ABOUT THIS EXERCISE — In full and exactly, please return the records, but keep out the pictures.
-.-.-
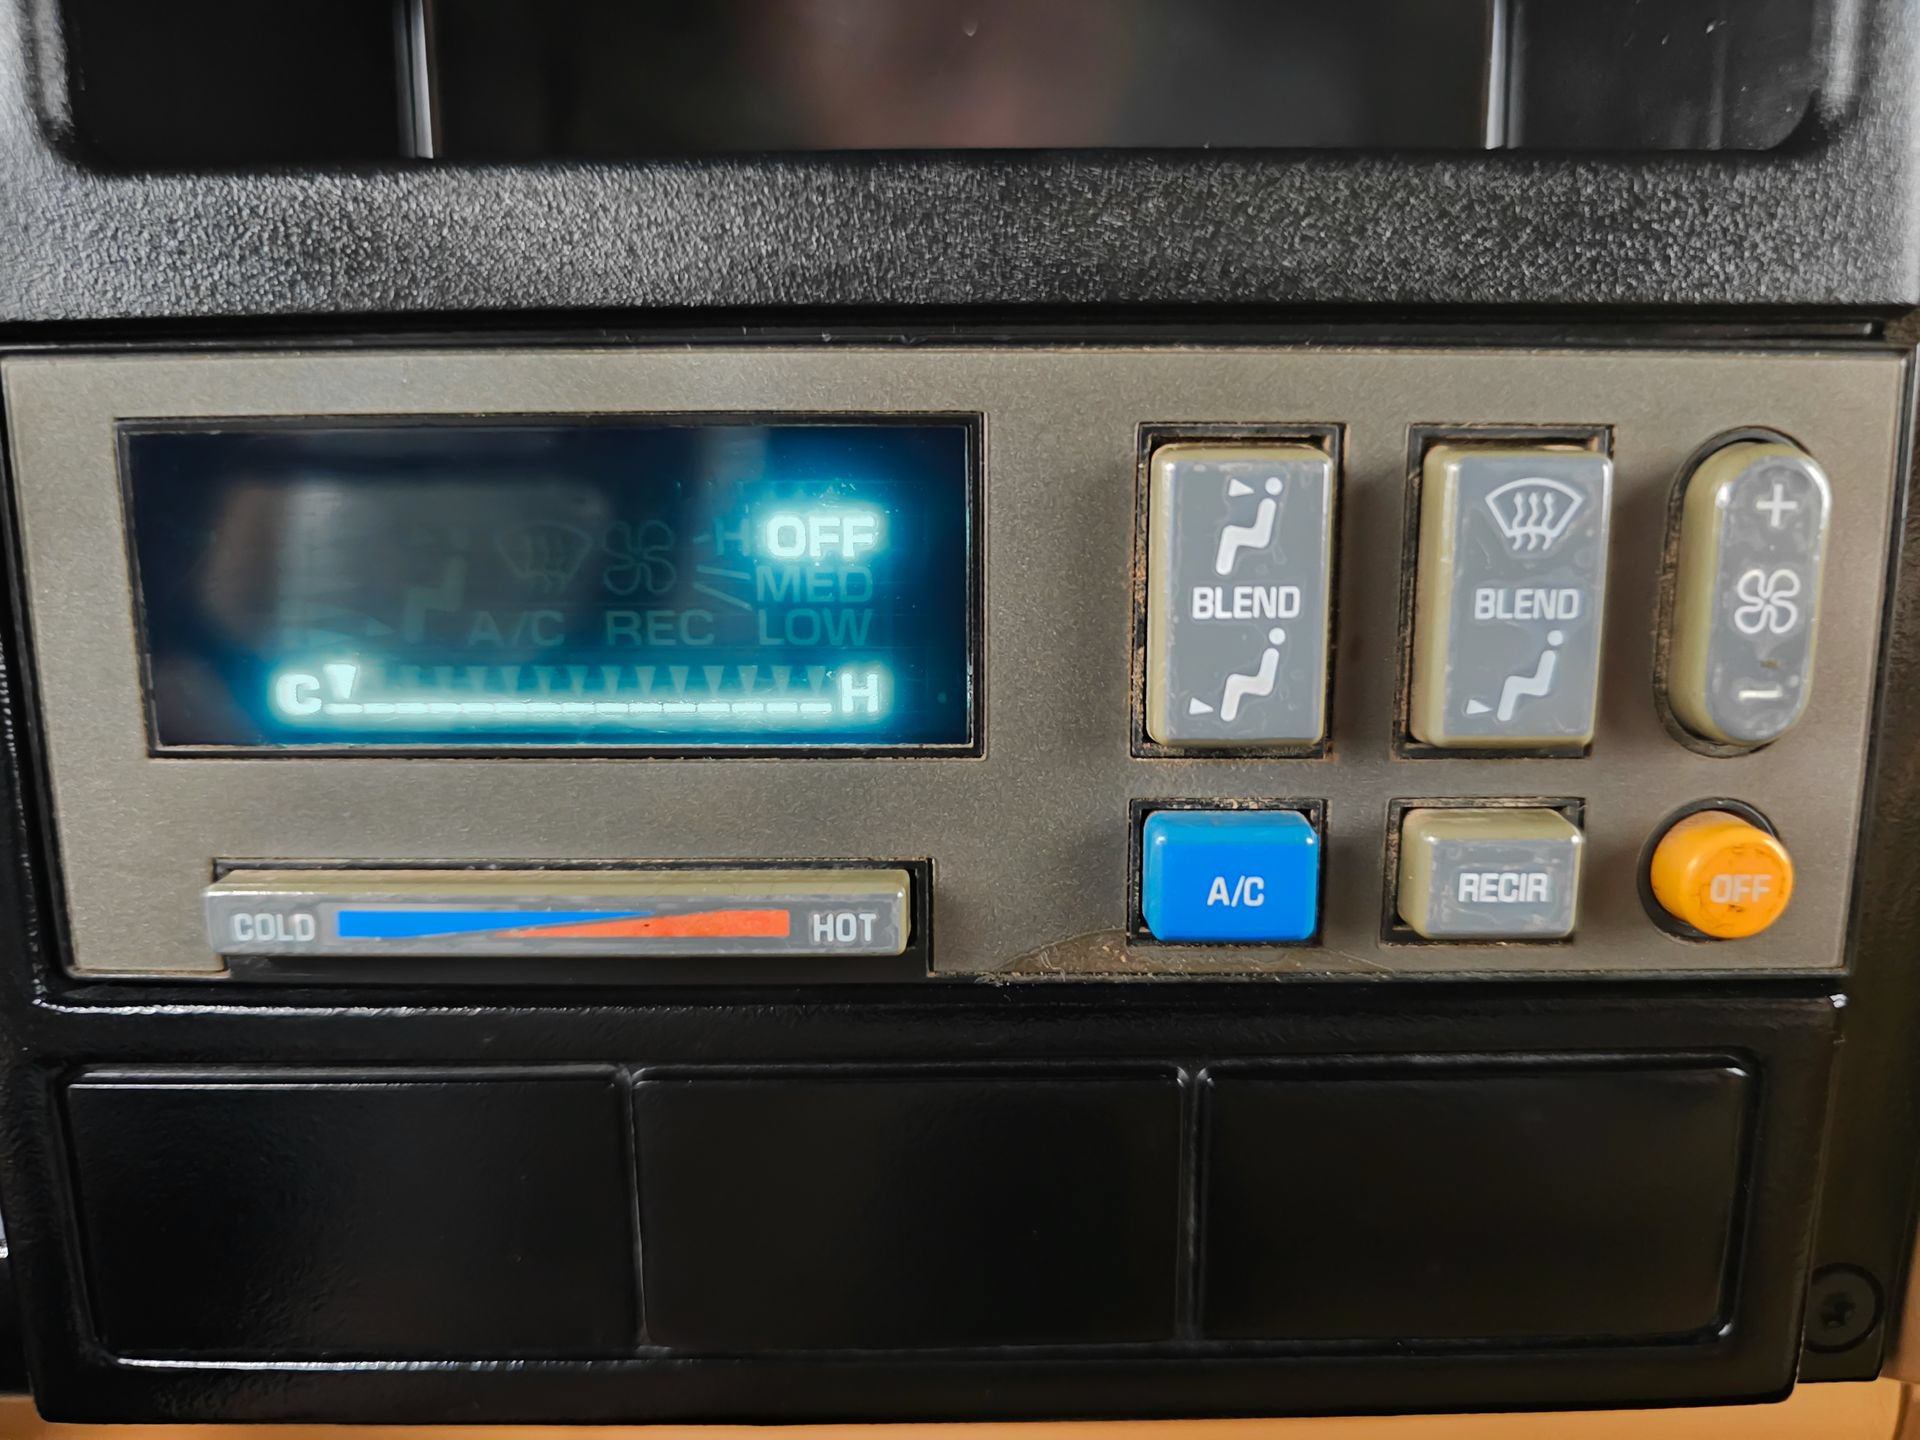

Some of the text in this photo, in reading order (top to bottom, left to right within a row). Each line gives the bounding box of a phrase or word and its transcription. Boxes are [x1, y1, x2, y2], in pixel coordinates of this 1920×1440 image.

[766, 515, 876, 558] OFF
[756, 565, 873, 602] MED
[1192, 586, 1301, 621] BLEND
[1474, 587, 1580, 621] BLEND
[468, 608, 873, 646] A/C REC LOW
[275, 674, 322, 715] C
[839, 672, 879, 714] H
[1207, 876, 1266, 908] A/C
[1458, 872, 1549, 904] RECIR
[1709, 874, 1771, 905] OFF
[233, 912, 316, 943] COLD
[812, 911, 877, 943] HOT
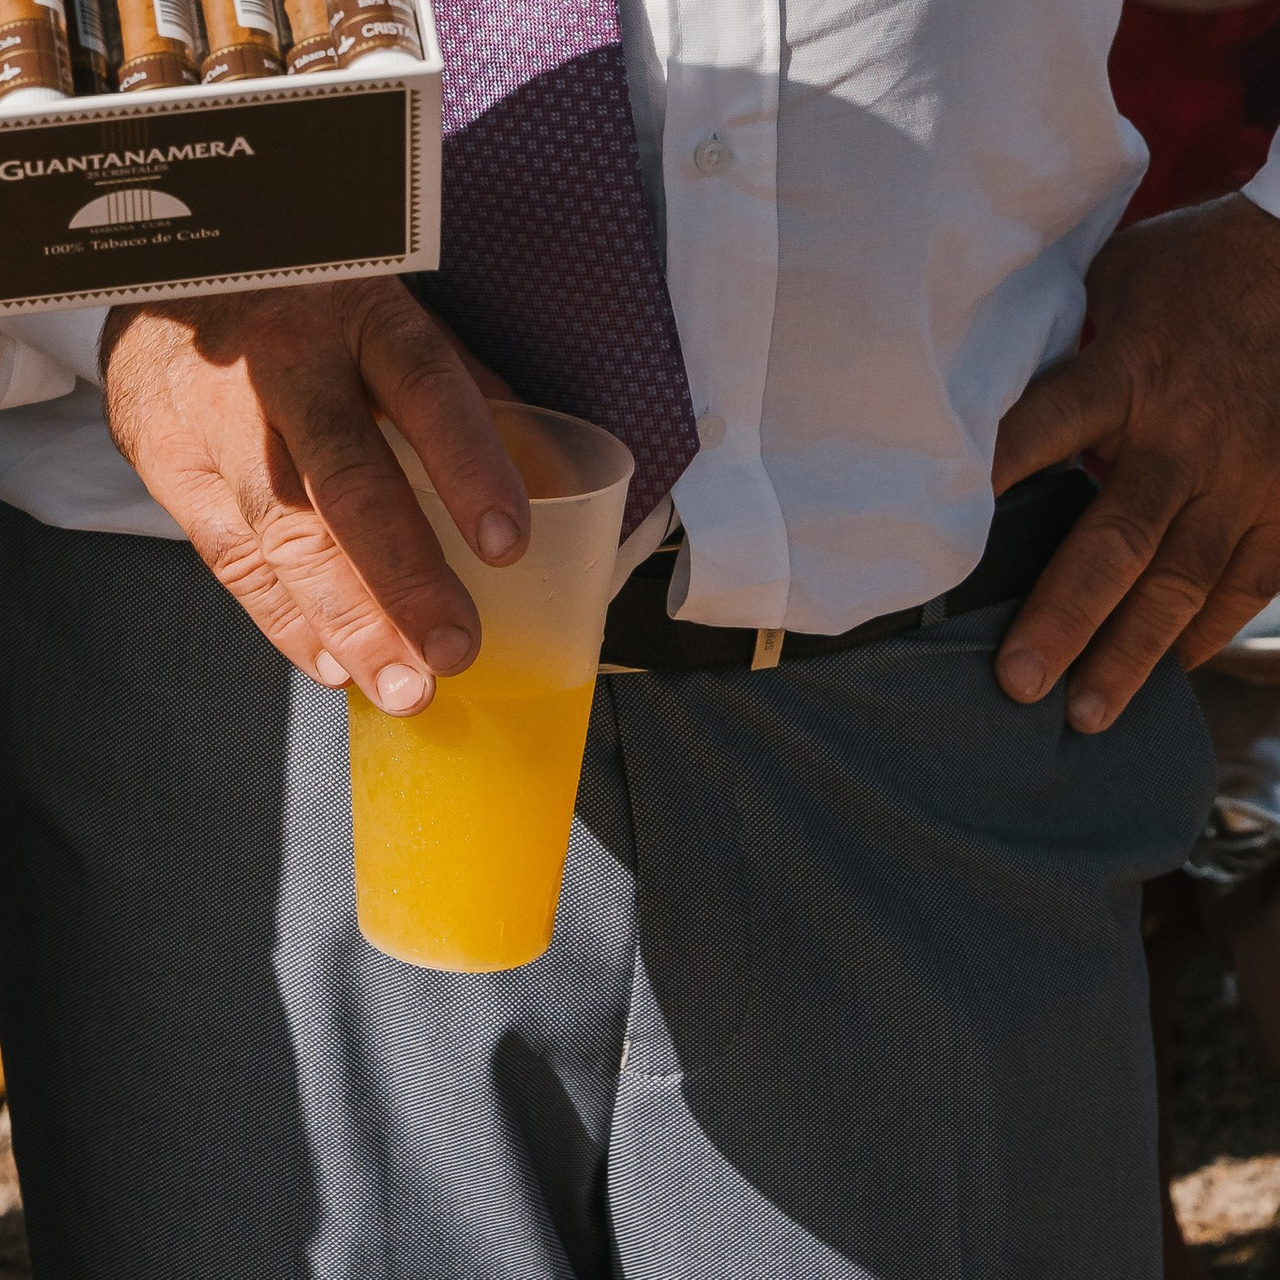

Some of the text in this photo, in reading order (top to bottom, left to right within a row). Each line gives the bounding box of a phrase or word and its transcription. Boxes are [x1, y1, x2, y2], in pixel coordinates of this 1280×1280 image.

[101, 163, 169, 179] CRISTALES
[43, 227, 221, 256] 100% Tabaco de Cuba
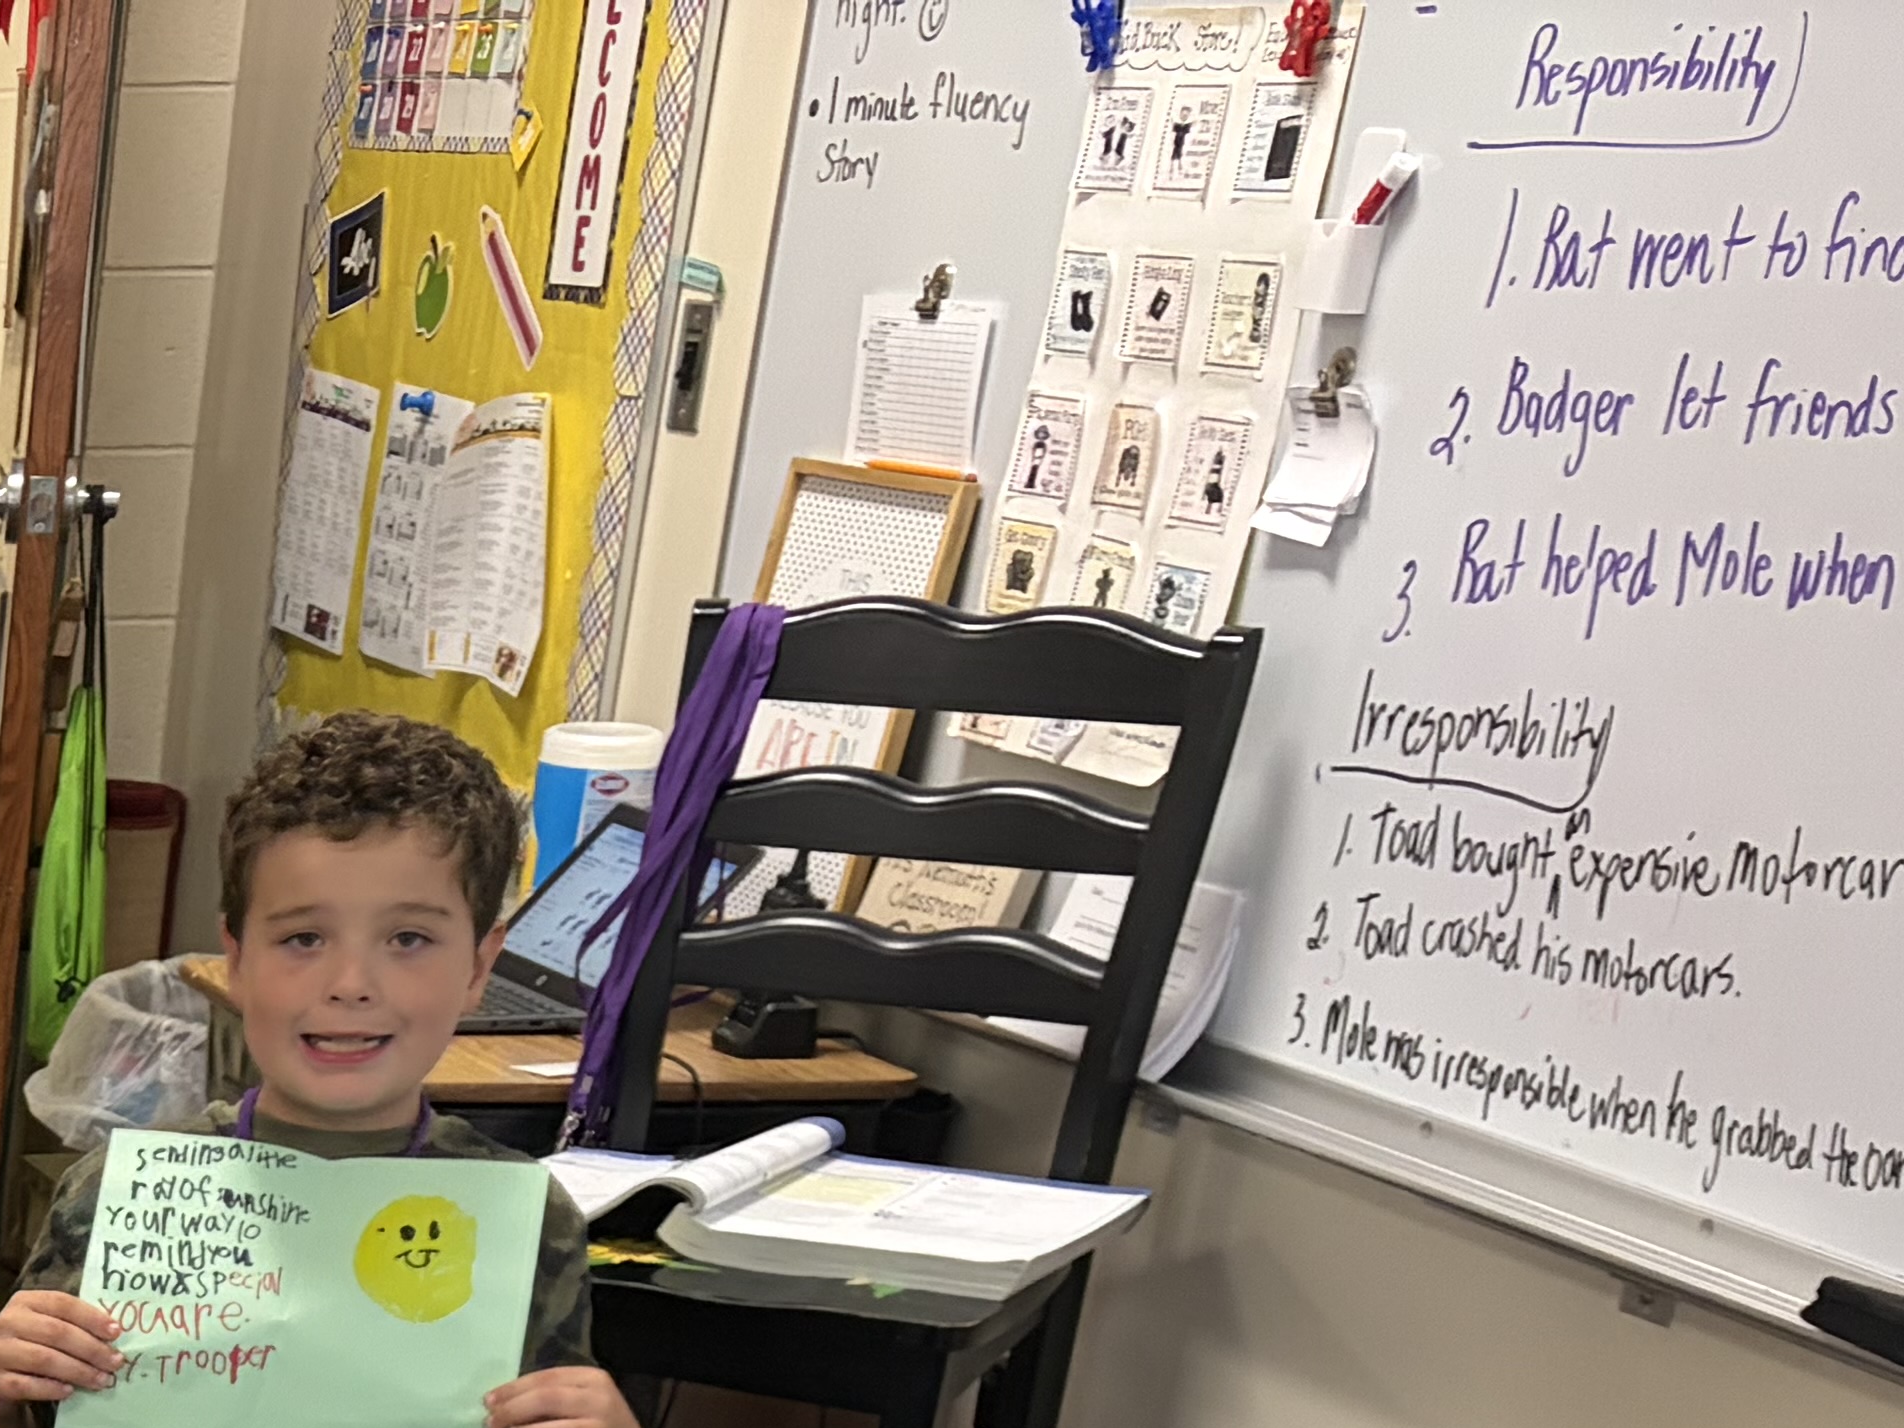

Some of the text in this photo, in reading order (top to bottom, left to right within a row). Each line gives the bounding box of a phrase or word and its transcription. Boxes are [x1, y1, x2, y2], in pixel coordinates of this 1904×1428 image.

[845, 82, 919, 123] minute
[930, 72, 1030, 150] fluency
[1516, 23, 1776, 135] Responsibility
[817, 139, 879, 190] Story
[1485, 188, 1807, 309] 1. Rat went to
[1429, 352, 1898, 478] 2. Badger let friends
[1381, 512, 1894, 643] 3. Rat helped Mole when
[1350, 669, 1616, 791] Irresponsibility
[1370, 801, 1442, 871] Toad
[1451, 810, 1557, 917] bought
[1568, 831, 1720, 921] expensive
[1306, 902, 1330, 950] 2.
[1355, 893, 1413, 961] Toad
[1421, 902, 1523, 971] crashed
[1531, 922, 1573, 982] his
[228, 1142, 245, 1160] a
[1320, 995, 1377, 1065] Mole
[1431, 1039, 1586, 1121] irresponsible
[1590, 1076, 1657, 1138] when
[1665, 1070, 1698, 1149] he
[1702, 1106, 1814, 1193] grabbed
[196, 1267, 283, 1299] special
-.-.-
RESULT —
Some of the text in this photo, in reading order (top to bottom, left to right within a row). Each line gives the bounding box of a phrase or word and its transcription. Boxes are [x1, y1, x2, y2], in pixel coordinates of this 1920×1440 image.

[766, 515, 876, 558] OFF
[756, 565, 873, 602] MED
[1192, 586, 1301, 621] BLEND
[1474, 587, 1580, 621] BLEND
[468, 608, 873, 646] A/C REC LOW
[275, 674, 322, 715] C
[839, 672, 879, 714] H
[1207, 876, 1266, 908] A/C
[1458, 872, 1549, 904] RECIR
[1709, 874, 1771, 905] OFF
[233, 912, 316, 943] COLD
[812, 911, 877, 943] HOT

Some of the text in this photo, in reading order (top to bottom, left to right within a row). Each line gives the bounding box of a phrase or word and its transcription. Boxes are [x1, y1, x2, y2], in pixel coordinates of this 1280×1280 image.

[101, 163, 169, 179] CRISTALES
[43, 227, 221, 256] 100% Tabaco de Cuba

Some of the text in this photo, in reading order (top to bottom, left to right within a row). Each line gives the bounding box of a phrase or word and its transcription. Boxes are [x1, y1, x2, y2], in pixel coordinates of this 1904×1428 image.

[845, 82, 919, 123] minute
[930, 72, 1030, 150] fluency
[1516, 23, 1776, 135] Responsibility
[817, 139, 879, 190] Story
[1485, 188, 1807, 309] 1. Rat went to
[1429, 352, 1898, 478] 2. Badger let friends
[1381, 512, 1894, 643] 3. Rat helped Mole when
[1350, 669, 1616, 791] Irresponsibility
[1370, 801, 1442, 871] Toad
[1451, 810, 1557, 917] bought
[1568, 831, 1720, 921] expensive
[1306, 902, 1330, 950] 2.
[1355, 893, 1413, 961] Toad
[1421, 902, 1523, 971] crashed
[1531, 922, 1573, 982] his
[228, 1142, 245, 1160] a
[1320, 995, 1377, 1065] Mole
[1431, 1039, 1586, 1121] irresponsible
[1590, 1076, 1657, 1138] when
[1665, 1070, 1698, 1149] he
[1702, 1106, 1814, 1193] grabbed
[196, 1267, 283, 1299] special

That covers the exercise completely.